■ WHAT NEEDS TO BE DONE
Print the records exactly and in full, please; the pictures stay out.

■ RECORDS SHOWN
--
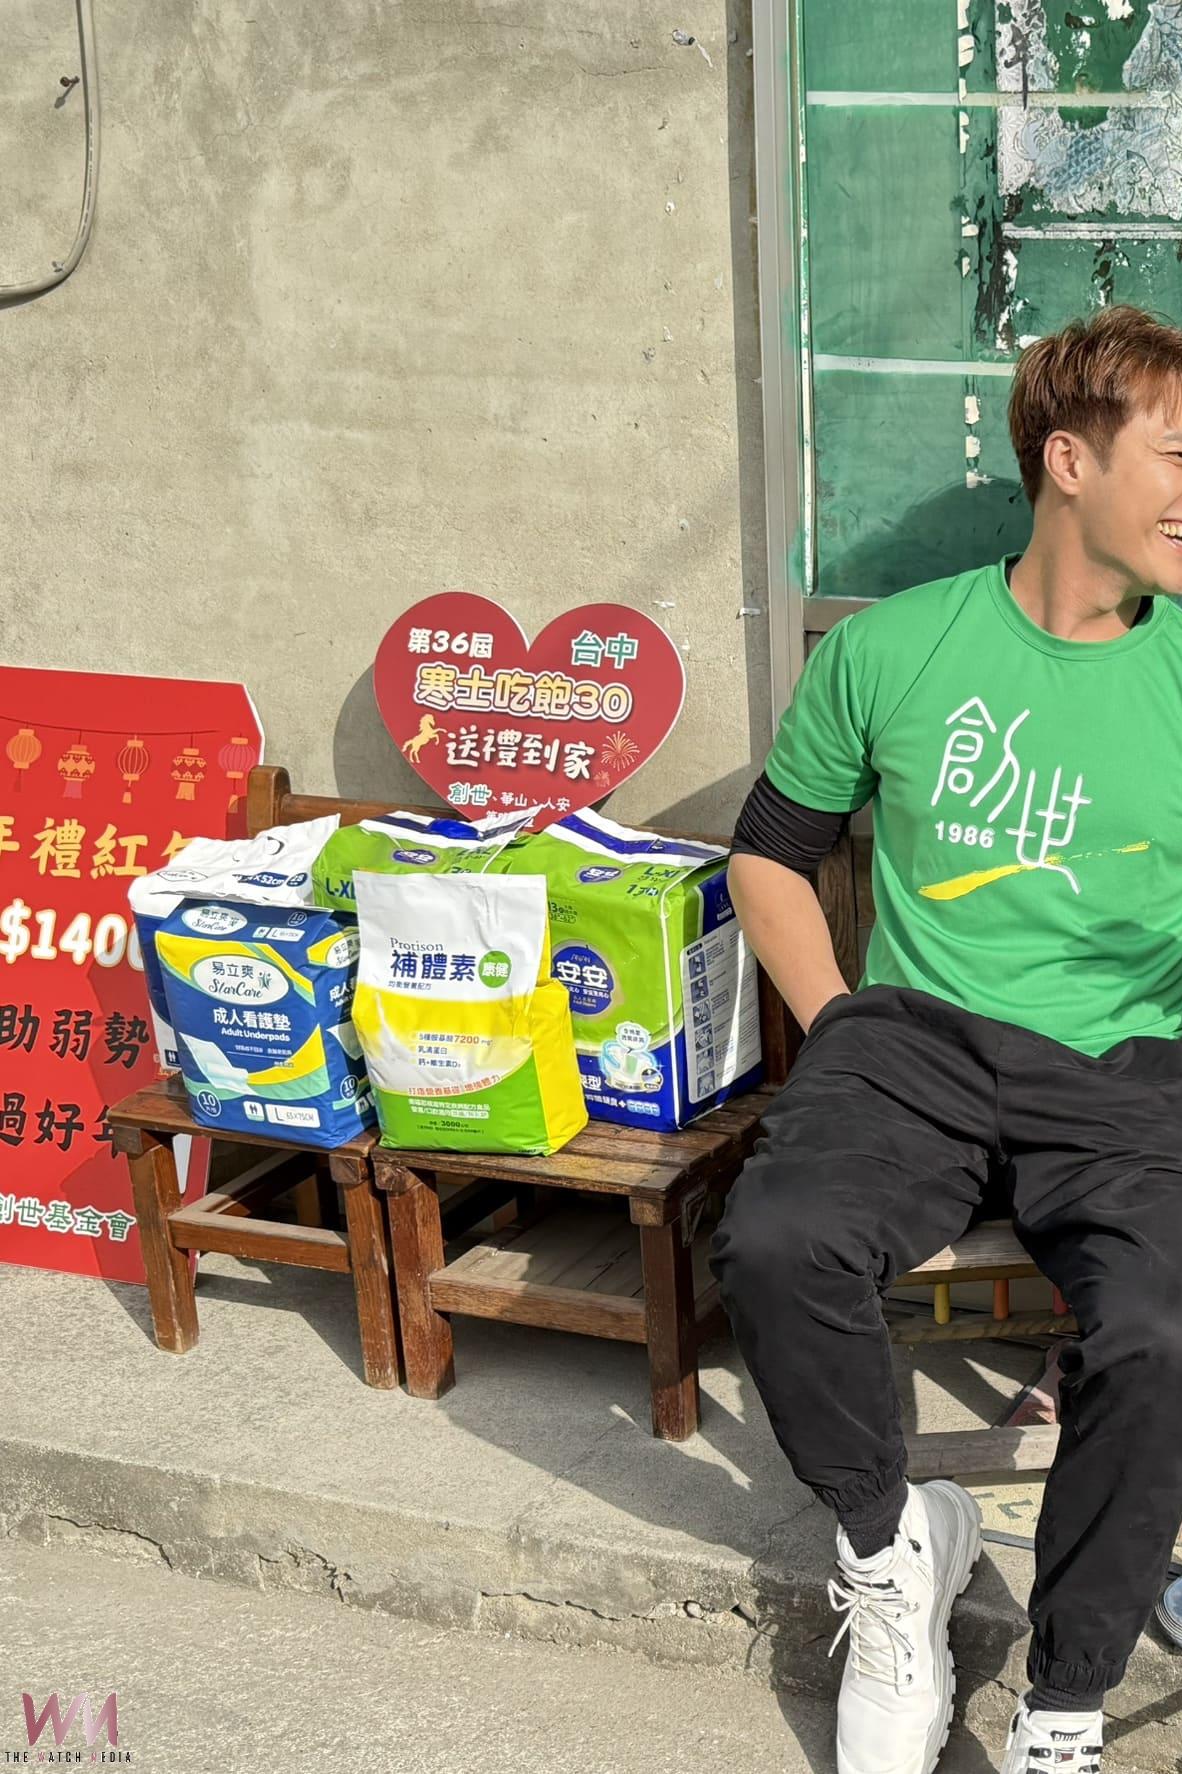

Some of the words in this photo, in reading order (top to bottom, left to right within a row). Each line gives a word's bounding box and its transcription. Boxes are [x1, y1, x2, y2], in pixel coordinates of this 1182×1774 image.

[407, 627, 494, 659] 第36屆
[571, 630, 639, 669] 台中
[414, 662, 633, 723] 寒士吃飽30
[446, 725, 595, 780] 送禮到家
[935, 820, 995, 848] 1986
[390, 937, 444, 952] Protison
[212, 961, 254, 979] 易立爽
[390, 950, 476, 982] 補體素
[481, 962, 509, 978] 康健
[556, 960, 608, 989] 安安
[208, 979, 263, 999] StarCare
[213, 1008, 291, 1031] 成人看護墊
[221, 1027, 243, 1037] Adult
[244, 1028, 291, 1042] Underpads
[201, 1093, 216, 1107] 10
[274, 1107, 284, 1121] L
--
■ RESULT BELOW
Some of the words in this photo, in reading order (top to bottom, left to right within a row). Each line gives a word's bounding box and its transcription. Boxes are [x1, y1, x2, y2], in pixel coordinates of this 1182×1774 image.

[407, 627, 494, 659] 第36屆
[571, 630, 639, 669] 台中
[414, 662, 633, 723] 寒士吃飽30
[446, 725, 595, 780] 送禮到家
[935, 820, 995, 848] 1986
[390, 937, 444, 952] Protison
[212, 961, 254, 979] 易立爽
[390, 950, 476, 982] 補體素
[481, 962, 509, 978] 康健
[556, 960, 608, 989] 安安
[208, 979, 263, 999] StarCare
[213, 1008, 291, 1031] 成人看護墊
[221, 1027, 243, 1037] Adult
[244, 1028, 291, 1042] Underpads
[201, 1093, 216, 1107] 10
[274, 1107, 284, 1121] L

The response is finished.